São muitos os sintomas significativos que denunciam a ausência do bem-estar na escola, entre eles destacam-se os diagnósticos cada vez mais detalhados sobre diversos tipos de transtorno que conduzem à medicalização de um número cada vez maior de crianças que enfrentam dificuldades escolares. Essa é a inquietação de Marie-Claude Bernard, Alice Vanlint, Hélène Makdissi em seu artigo Narrar sua vulnerabilidade escolar: concepção de uma abordagem metodológica. Trata-se de uma pesquisa que visa questionar fundamentos teóricos – sociológicos, pedagógicos, médicos, psicológicos – em função dos quais são conceitualizadas as dificuldades escolares, com vistas a propor meios para se agir em conjunto. As autoras adotam uma abordagem compreensiva de inspiração etnográfica, visando compreender, para além dos discursos já consagrados, outros discursos sobre esse tipo de vulnerabilidade escolar. O foco do artigo é a apresentação de três protocolos de entrevista clínico-dialógica adaptados à recolha de narrativas de cada um dos três atores, objetivando desvelar seus construtos com relação ao objeto de estudo, qual seja, seus modos de elaborarem o discurso de vulnerabilidade: os da criança sobre suas próprias dificuldades escolares, os de seus pais e os do(a) professor(a) diante da criança em dificuldade.
Mas afinal, “como a escola pode oferecer condições de bem-estar ou mesmo tornar-se um lugar de realização e de felicidade?”. É com esse questionamento que Anne Dizerbo e Béatrice Mabilon-Bonfils abrem o artigo intitulado Que diálogo pode favorecer o bem-estar e o desenvolvimento dos alunos? A reflexão decorre da cooperação entre as duas autoras num projeto de pesquisa-intervenção por elas desenvolvido com o apoio do Laboratório Bonheurs 3 .Se no texto precedente, Bernard, Vanlint e Makdissi buscam, no Canadá, contrapor discursos sobre a vulnerabilidade escolar no que concerne às aprendizagens, Dizerbo e Bonfils, na França, considerando a vulnerabilidade por um outro viés, recorrem a um site científico participativo do Laboratório Bonheurs, para colocar face to face, remotamente, 15 alunos do ensino médio, de 15 anos de idade, e pesquisadores em torno da seguinte questão: “será a escola um lugar de seleção social?”. Além dessas trocas digitais, as autoras agregam como instrumentos de pesquisa escritos argumentativos dos alunos e entrevistas biográficas. Trata-se de compreender os efeitos a curto e a longo prazo dos diálogos sobre o bem-estar dos alunos e sobre a elaboração de um ponto de vista singular favorável ao desenvolvimento de um poder-agir sobre seu percurso.

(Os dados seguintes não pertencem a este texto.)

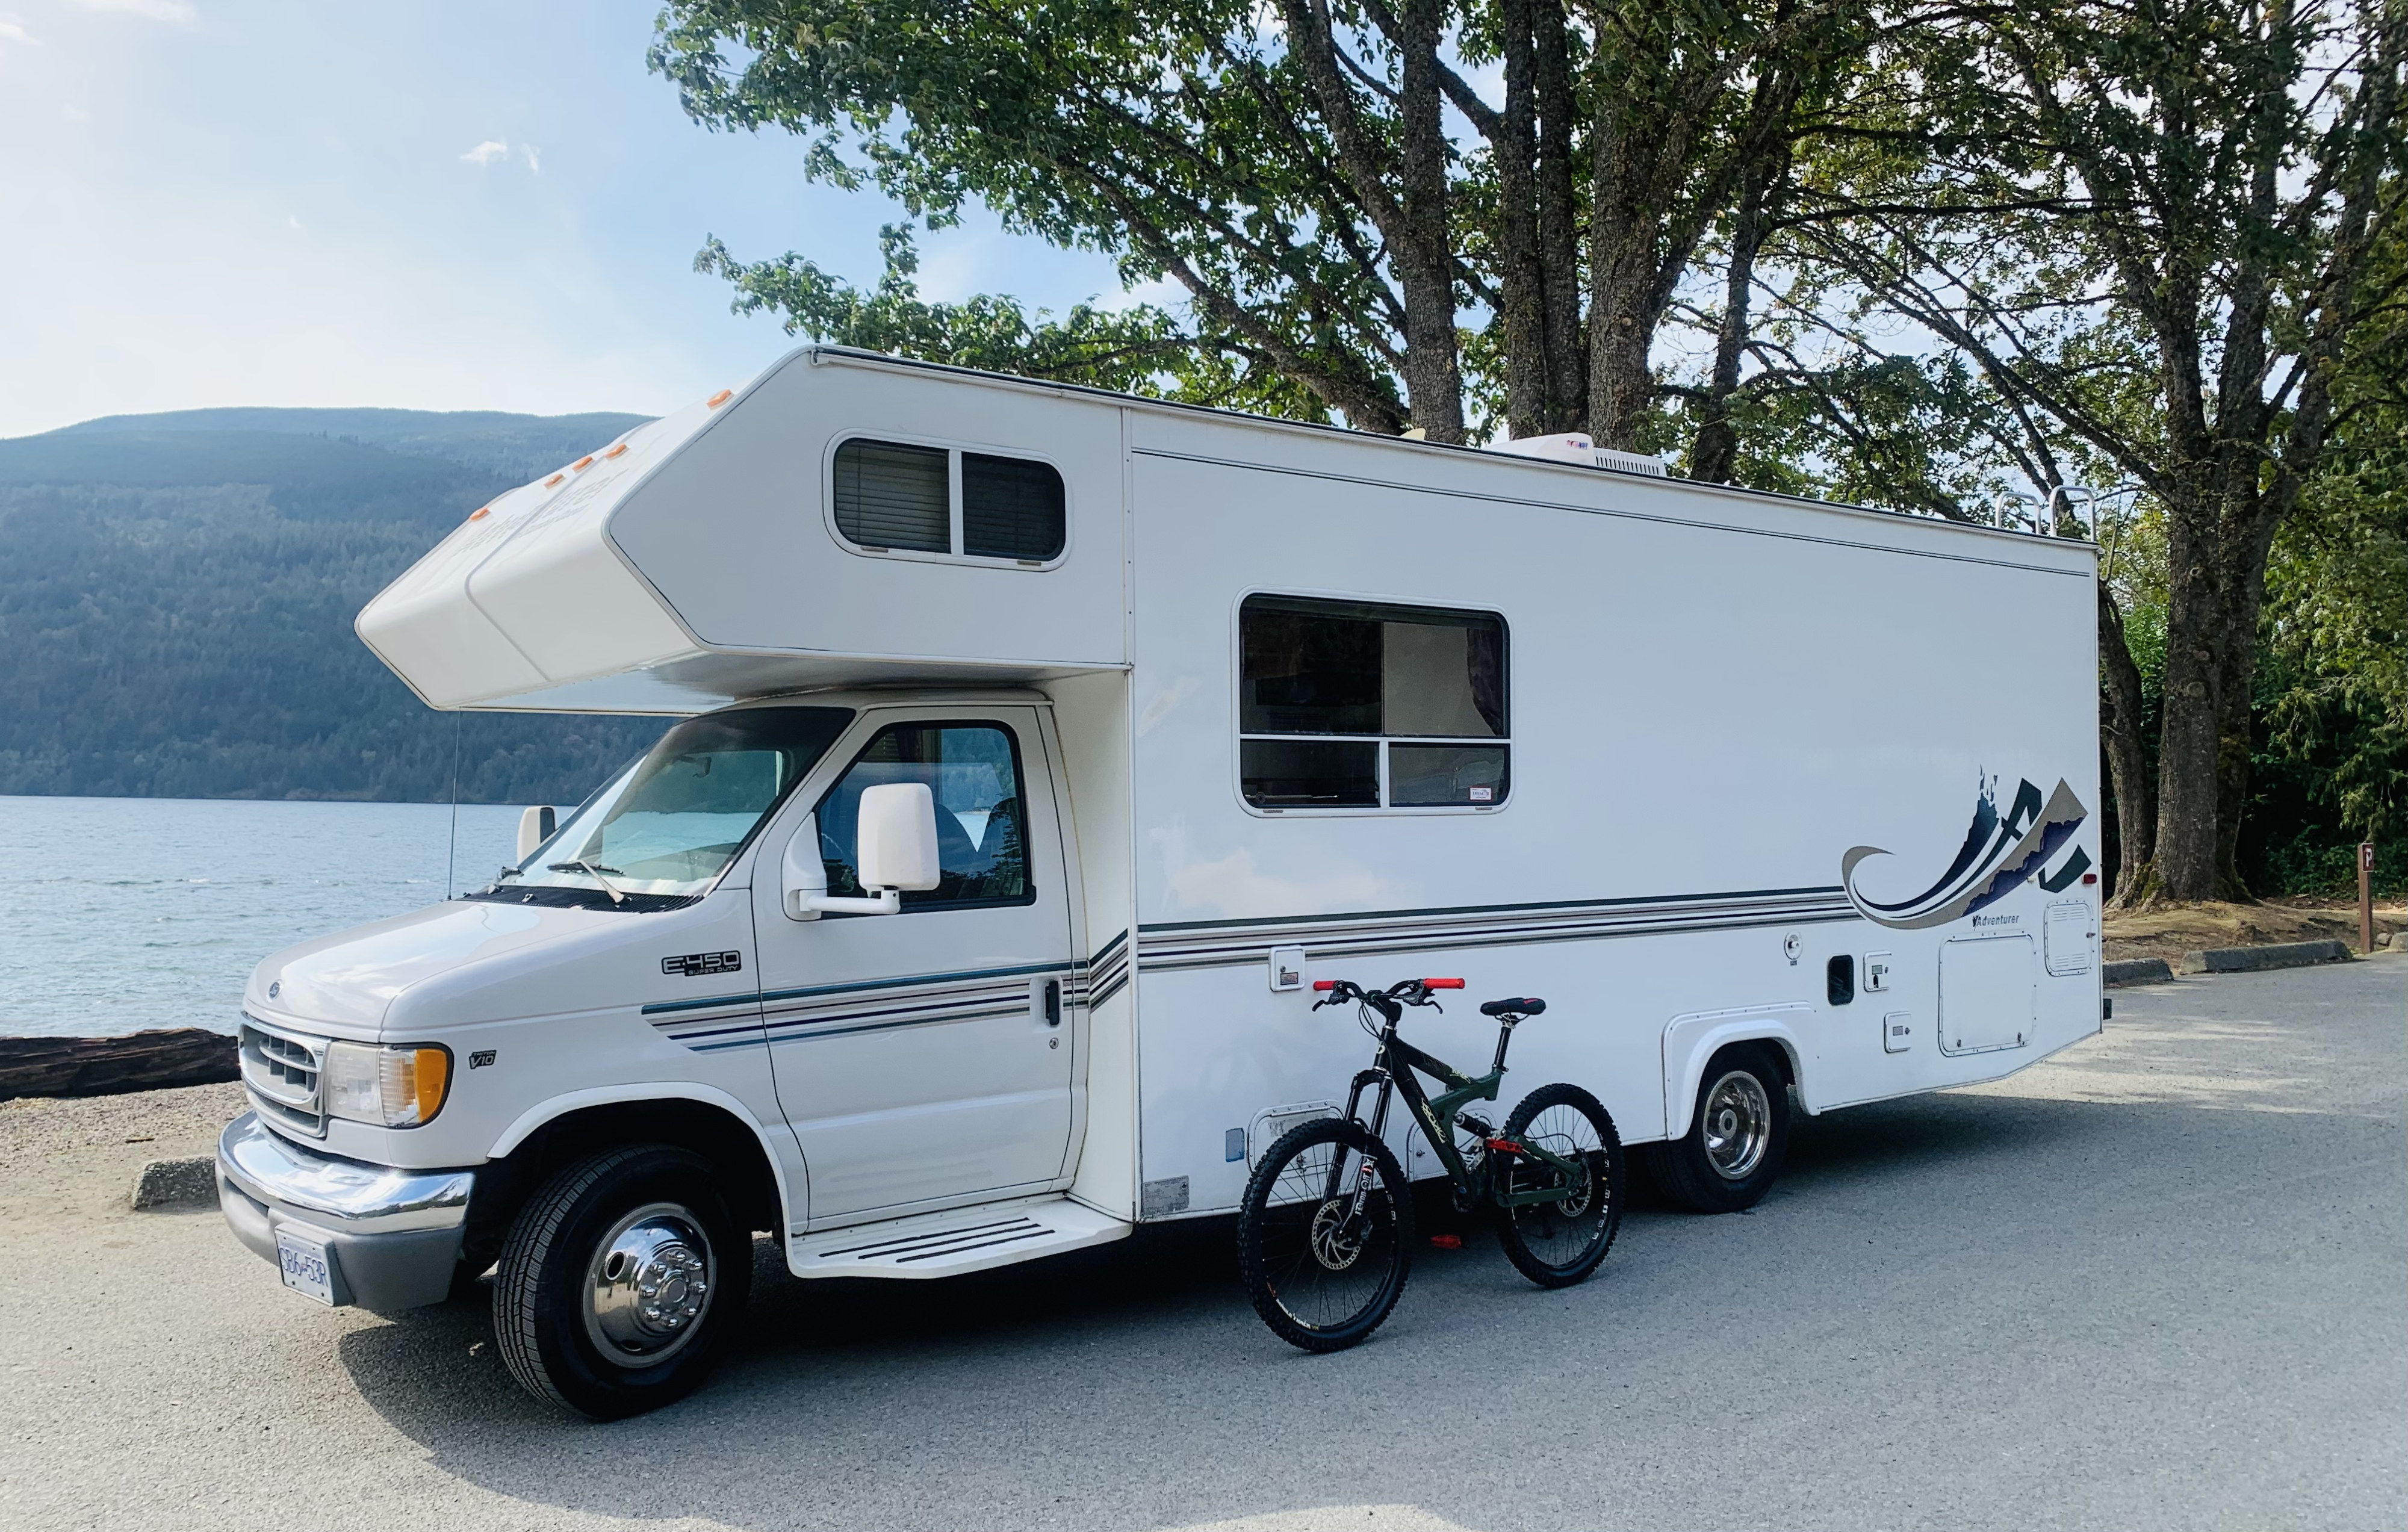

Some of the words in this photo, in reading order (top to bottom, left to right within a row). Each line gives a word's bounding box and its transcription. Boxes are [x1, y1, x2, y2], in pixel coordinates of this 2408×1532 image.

[2365, 848, 2372, 867] P
[1976, 915, 2019, 926] Adventurer
[688, 966, 715, 975] SUPER
[470, 1055, 494, 1069] V10

As noções de bem-estar e qualidade de vida são também fundantes para a concepção do Laboratório de Qualidade de Vida (LAQVi), enquanto ambiente acolhedor para o diálogo entre alunos do ensino médio integrado, de 15 a 19 anos de idade, e a pesquisadora-formadora, com vistas à elaboração do Projeto de vida, recomendado pela Base Nacional Curricular Comum (BNCC). Essa é a temática discutida por Maria da Conceição Passeggi e Luciana Medeiros da Cunha, no artigo Projetar-se no amanhã: condição biográfica e projeto de vida no novo ensino médio. As reflexões visam discutir as contribuições dos princípios epistemológicos, teórico-conceituais e de método da pesquisa (auto)biográfica e sua articulação com dispositivos e procedimentos utilizados na práxis pedagógica, na perspectiva da pesquisa-açãoformação. As análises evidenciam resultados com ênfase nas mudanças das representações de si, de escolhas, opções e tomadas de decisão, produzidas e aprofundadas na elaboração de três versões do projeto de vida, em grupos reflexivos de mediação biográfica. Para as autoras, o projeto de vida se justifica quando representa uma abertura criada em espaços formais para fundar uma mirada educacional de caráter crítico-reflexivo e ético, com vistas à autorreflexão, autoria e emancipação do jovem em um momento de virada biográfica no seu percurso estudantil.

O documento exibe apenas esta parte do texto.